TANJUNG REDEB – Sepanjang Januari 2019, laporan perkara kasus perceraian yang diterima Pengadilan Agama (PA) Tanjung Redeb, sudah mencapai 118 kasus. Hal tersebut menjadi perhatian khusus bagi Ketua Tim Penggerak Pemberdayaan Kesejahteraan Keluarga (TP PKK) Kabupaten Berau, Sri Juniarsih Muharram.  

Sri Juniarsih mengaku turut prihatin atas meningkatnya angka perceraian di Berau dari tahun ke tahun, terutama dalam kurun waktu Januari 2019 yang jumlahnya meningkat signifikan.

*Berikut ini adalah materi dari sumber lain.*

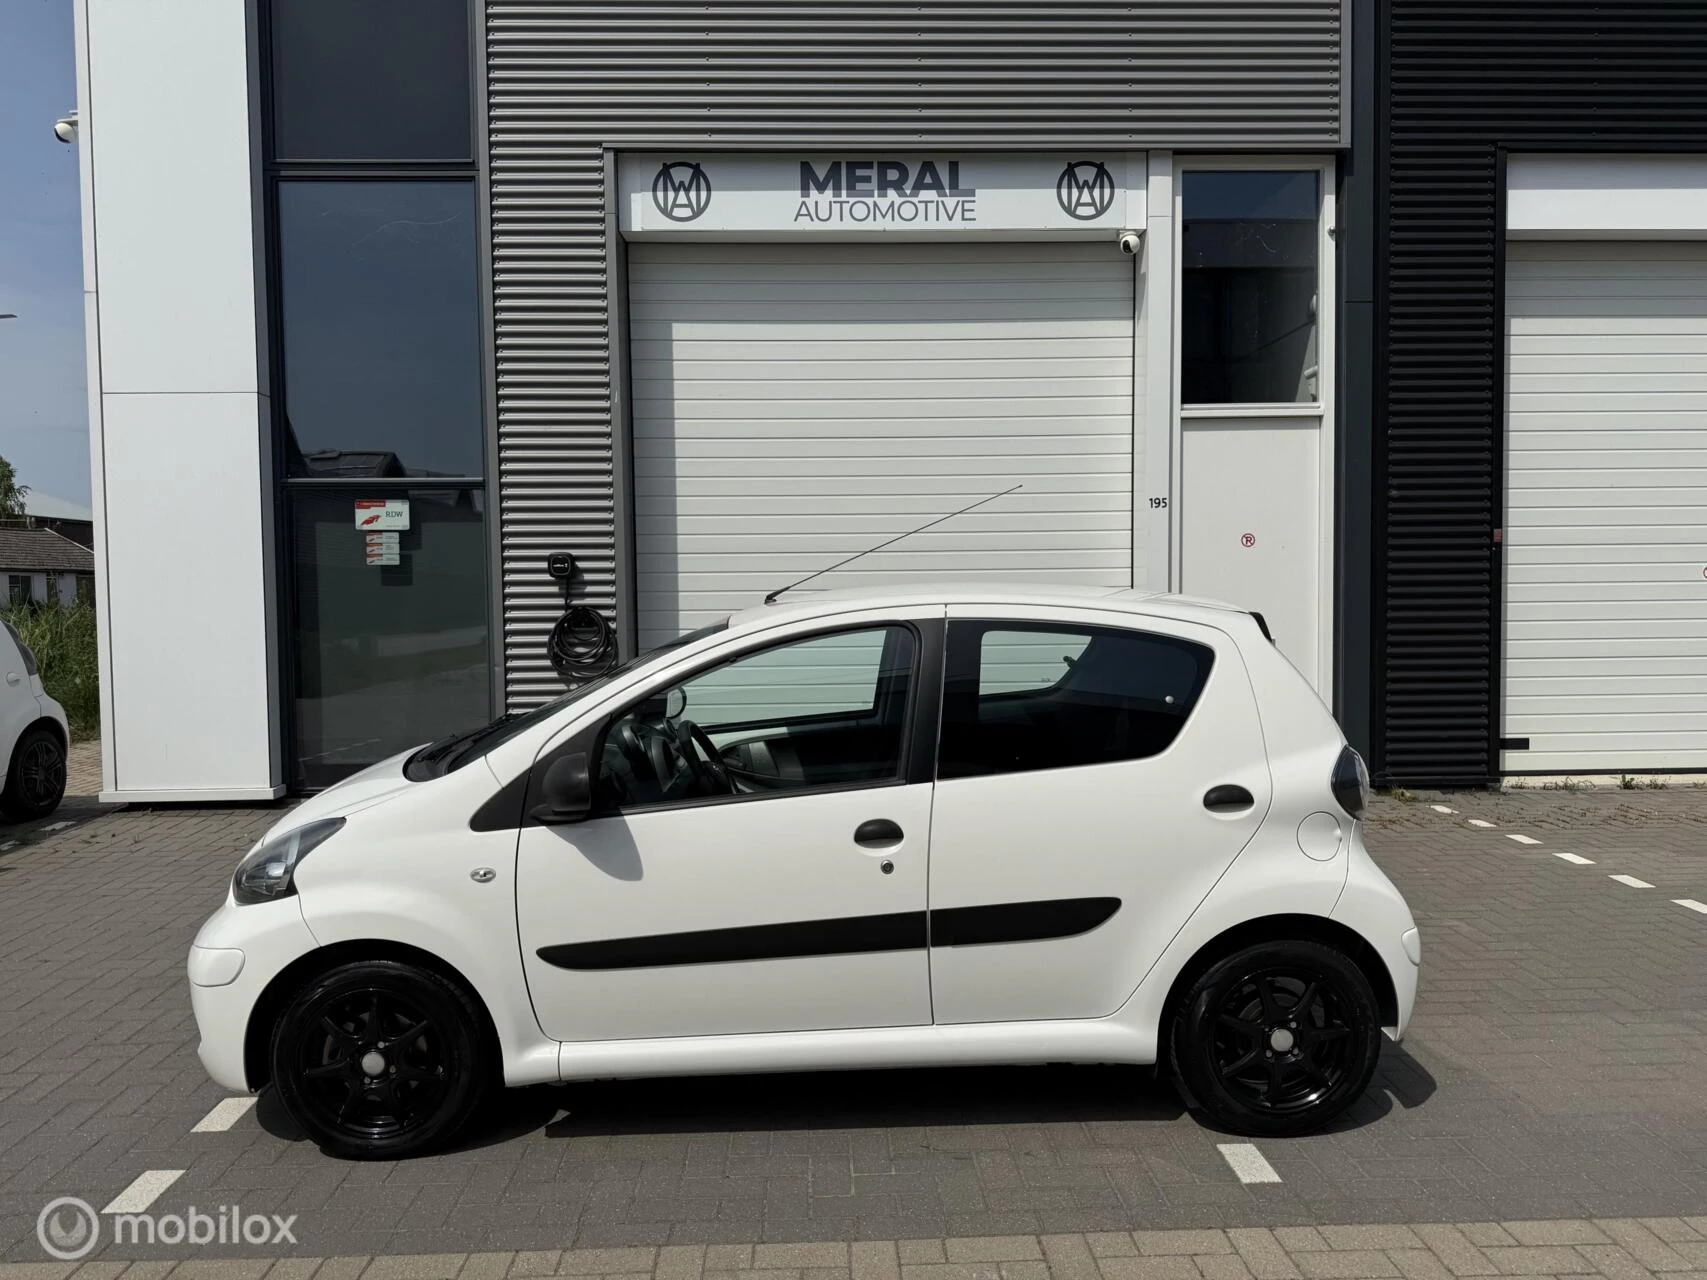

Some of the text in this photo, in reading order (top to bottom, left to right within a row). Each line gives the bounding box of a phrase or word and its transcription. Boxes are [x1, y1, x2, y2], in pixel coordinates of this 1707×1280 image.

[800, 161, 976, 198] MERAL
[793, 200, 977, 222] AUTOMOTIVE
[1149, 497, 1168, 508] 195

Dirinya akan mengupayakan untuk menekan angka tersebut melalui Kelompok kerja (Pokja) 1 dengan mengadakan pembinaan-pembinaan kepada keluarga-keluarga, khususnya keluarga muda. Sehingga bisa lebih matang dalam mengarungi bahtera rumah tangga.  

“Ke depan, kami juga akan membuat program sekolah Ibu yang dikhususkan untuk ibu-ibu, yang membina ibu-ibu. Agar mereka lebih memfokuskan diri dalam rumah tangga serta mengetahui fungsi dan tugasnya sebagai istri,” ujarnya saat dikonfirmasi melalui kemarin. 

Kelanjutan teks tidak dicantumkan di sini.